Wheat: stockpiling continues, supply of wheat will remain good
The wheat price was on the rise until 20 January. Demand for wheat remained robust during this period, while the supply was relatively tight. This helped buoy optimism among investors in this market. But from the moment the spread of the coronavirus in China took on serious proportions, the wheat price fell. This was because concerns and uncertainty about the impact on the global economy dictated sentiment in the wheat market. The price bounced back in mid-February after Australia announced that the country’s wheat harvest would fall to a 12-year low.
But then the stronger US dollar, the generally good availability of wheat and the uncertainty about the coronavirus prevailed, further depressing wheat prices. Stockpiling will continue in some countries in the coming weeks. However, the US harvest potential is higher than expected, which means that, going forward, a substantial harvest is imminent. The availability of wheat therefore remains good for the time being. Only the risk of adverse weather can change this expectation.

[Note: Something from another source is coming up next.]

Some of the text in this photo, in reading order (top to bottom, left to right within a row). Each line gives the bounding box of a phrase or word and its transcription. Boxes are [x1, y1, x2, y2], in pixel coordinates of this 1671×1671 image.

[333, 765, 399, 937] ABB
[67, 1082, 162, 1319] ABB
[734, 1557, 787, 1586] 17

Corn: lower ethanol price causes loss of demand for corn
At the beginning of this year, sentiment in the corn market was still good. In particular, the signing of phase one of the trade deal between the US and China fueled optimism. However, with the spread of the coronavirus, the demand outlook has been revised downwards. In the coming period, the corn market will remain under the spell of the oil price development. This will have a strong effect on the demand for corn and the supply of ethanol. The recent sharp fall in the price of oil has increased the pressure on the price of ethanol. This means that the production of corn-based ethanol has become less interesting from an economic point of view.
The relatively lower oil and ethanol price will ultimately result in a loss of demand for corn. A substantial part of the pressure on the corn price is also coming from South America, where the harvest of large exporters like Argentina and Brazil has been extremely good. This means prolonged high availability and, together with the drop in demand from the ethanol market, implies further pressure on the price of corn.

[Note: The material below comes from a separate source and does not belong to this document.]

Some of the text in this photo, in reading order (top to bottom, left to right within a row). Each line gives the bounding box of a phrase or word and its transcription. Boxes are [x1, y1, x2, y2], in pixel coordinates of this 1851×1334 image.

Soybean: low price Brazilian soybeans triggers buying in China
The soybean trade between the US and China has not yet really gotten off the ground. In the phase one trade deal between the two countries, China had committed itself to buying larger quantities of soybeans from the US. But so far, the volumes sourced from the US have remained low. China remains a strategic buyer of many commodities and price is a major incentive. The depreciation of the Brazilian real against the US dollar has made Brazilian soybeans more attractive in international markets. This is reason enough for China to continue buying more soybeans in Brazil rather than the US.
Chinese demand for soybeans remains, because they are high in protein and therefore ideally suited as animal feed. Indeed, large volumes of soybeans are still going to China. However, supply chain problems are set to increase with the further spread of the coronavirus in both the US and Brazil. The two countries have a combined share of almost 85% of the soybean export market. Hence, if the coronavirus slows soybean trade flows, it will become very difficult for China to source this commodity.